Claude Lévi-Strauss was a French anthropologist who founded structural anthropology. His approach sought to discover universal, unconscious structures of the human mind that organize all cultural phenomena, from myths to kinship systems.
Lévi-Strauss was heavily influenced by structural linguistics, particularly the work of Ferdinand de Saussure. He applied linguistic principles to anthropology, treating cultural phenomena as systems of signs and focusing on underlying relationships rather than surface elements or historical development.
A key principle of Lévi-Strauss's structuralism is binary opposition. He argued that human thought naturally organizes the world through contrasting pairs like nature versus culture, raw versus cooked, or sacred versus profane. These oppositions create meaning through difference and contrast.

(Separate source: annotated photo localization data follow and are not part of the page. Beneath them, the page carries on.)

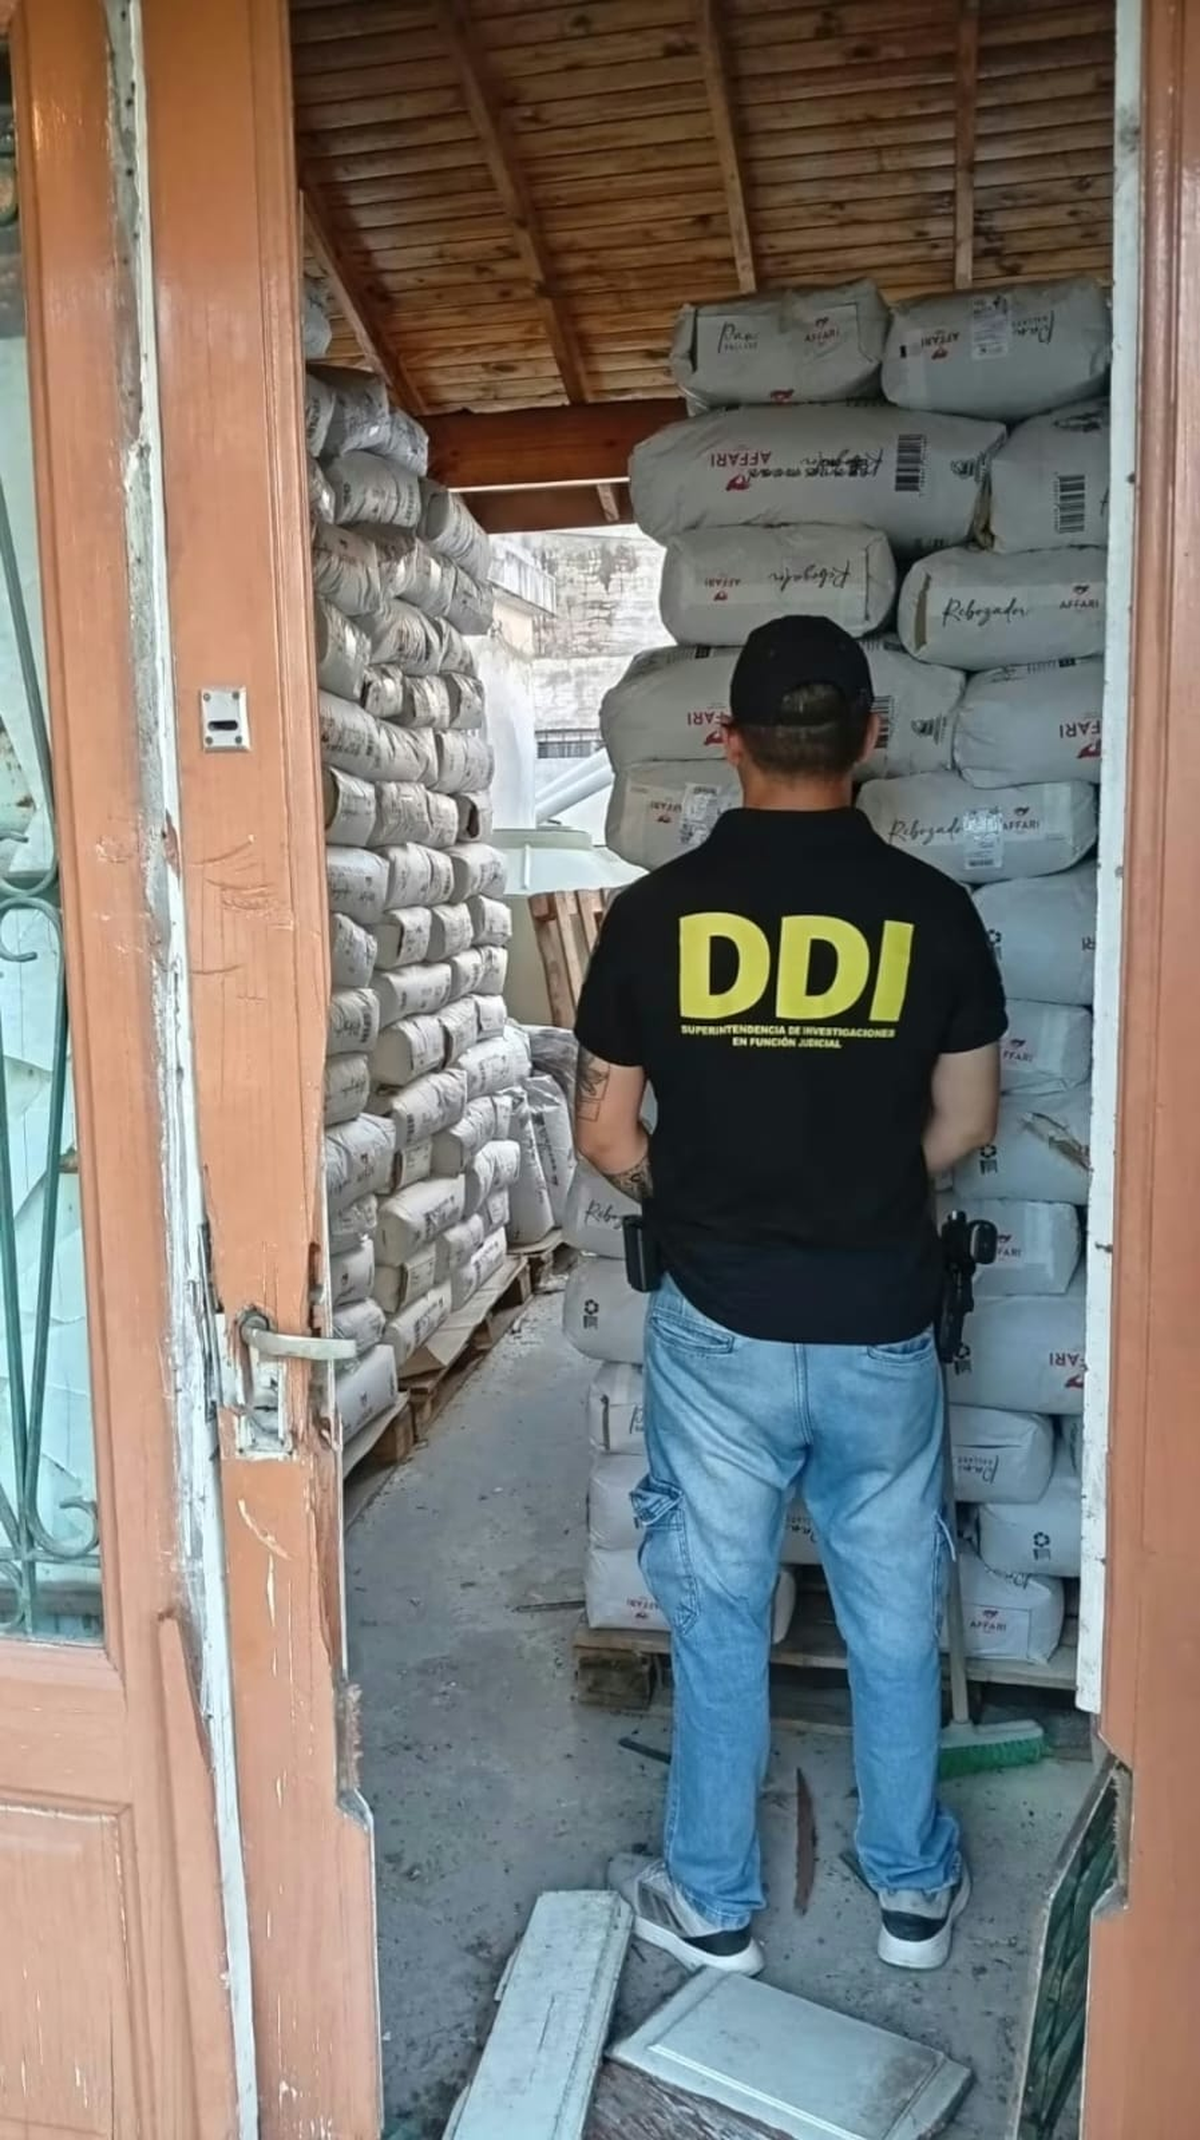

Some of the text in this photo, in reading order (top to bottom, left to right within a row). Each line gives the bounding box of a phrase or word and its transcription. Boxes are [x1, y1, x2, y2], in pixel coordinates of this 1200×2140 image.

[921, 332, 960, 348] AFFARI
[710, 451, 772, 468] AFFARI
[704, 577, 741, 588] AFFARI
[1059, 599, 1099, 609] AFFARI
[687, 711, 727, 727] FARI
[1059, 720, 1102, 740] FARI
[888, 817, 963, 845] Rebozado
[679, 912, 914, 1022] DDI
[680, 1024, 896, 1038] SUPERINTENDENCIA DE INVESTIGACIONES
[732, 1037, 842, 1049] EN FUNCIÓN JUDICIAL
[1003, 1050, 1033, 1062] FFARI
[998, 1248, 1022, 1258] FARI
[1049, 1352, 1083, 1367] ARI
[970, 1621, 1007, 1632] AFFARI

According to Lévi-Strauss, these structures operate at the unconscious level of the human mind. They are universal across all cultures and independent of individual will, yet they shape all cultural expressions. The anthropologist's task is to reveal these hidden patterns that lie beneath cultural diversity.
To summarize Lévi-Strauss's structuralism: it seeks universal mental structures that organize culture, applies linguistic principles to anthropology, uses binary oppositions to create meaning, operates at unconscious levels across societies, and reveals hidden patterns beneath cultural diversity.